■ PROBLEM
Repeat the records below exactly, leaving out any pictures.

■ TASK MATERIAL

◇ ◇ ◇ ◇ ◇

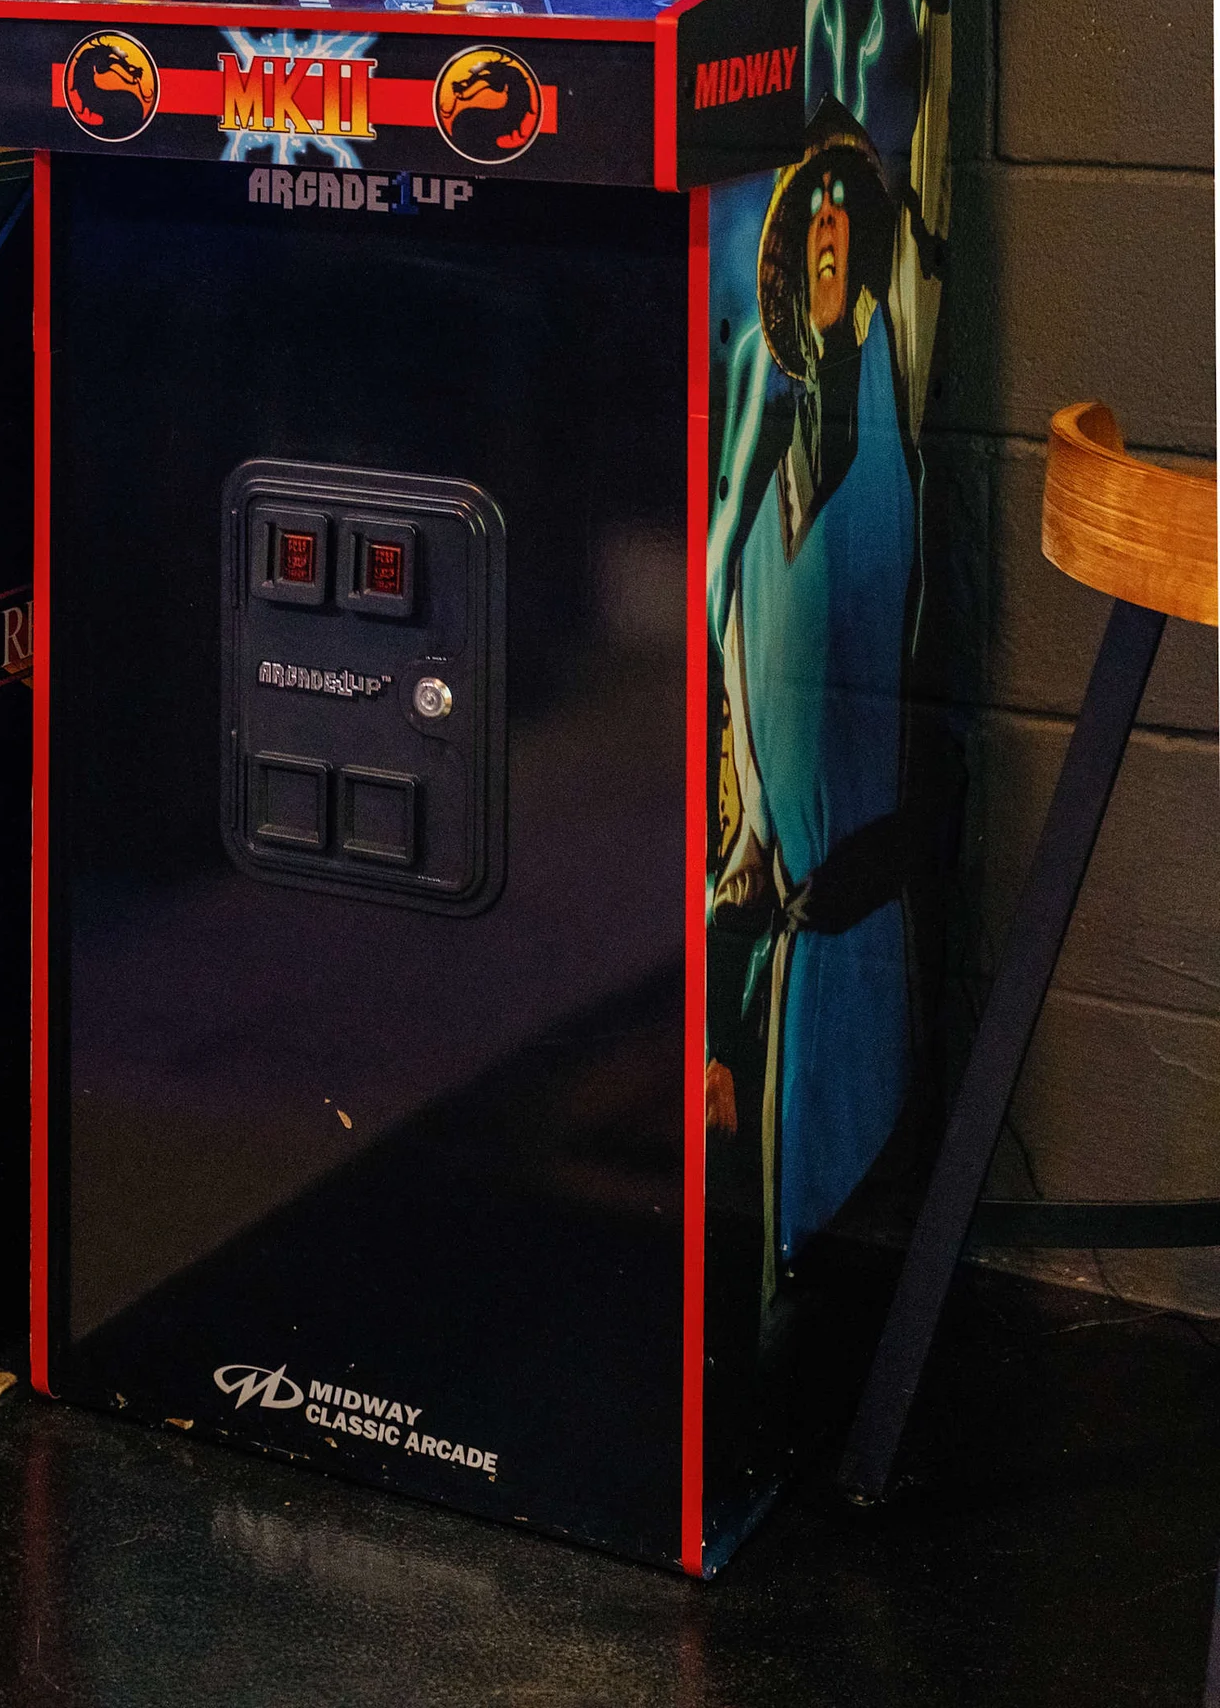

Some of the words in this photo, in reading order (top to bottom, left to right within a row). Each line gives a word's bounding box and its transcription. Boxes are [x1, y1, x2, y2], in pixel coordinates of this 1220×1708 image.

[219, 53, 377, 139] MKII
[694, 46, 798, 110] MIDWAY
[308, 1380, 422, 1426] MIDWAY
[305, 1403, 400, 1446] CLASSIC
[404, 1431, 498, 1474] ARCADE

◇ ◇ ◇ ◇ ◇

■ ANSWER FOR THE TASK
Some of the words in this photo, in reading order (top to bottom, left to right within a row). Each line gives a word's bounding box and its transcription. Boxes are [x1, y1, x2, y2], in pixel coordinates of this 1220×1708 image.

[219, 53, 377, 139] MKII
[694, 46, 798, 110] MIDWAY
[308, 1380, 422, 1426] MIDWAY
[305, 1403, 400, 1446] CLASSIC
[404, 1431, 498, 1474] ARCADE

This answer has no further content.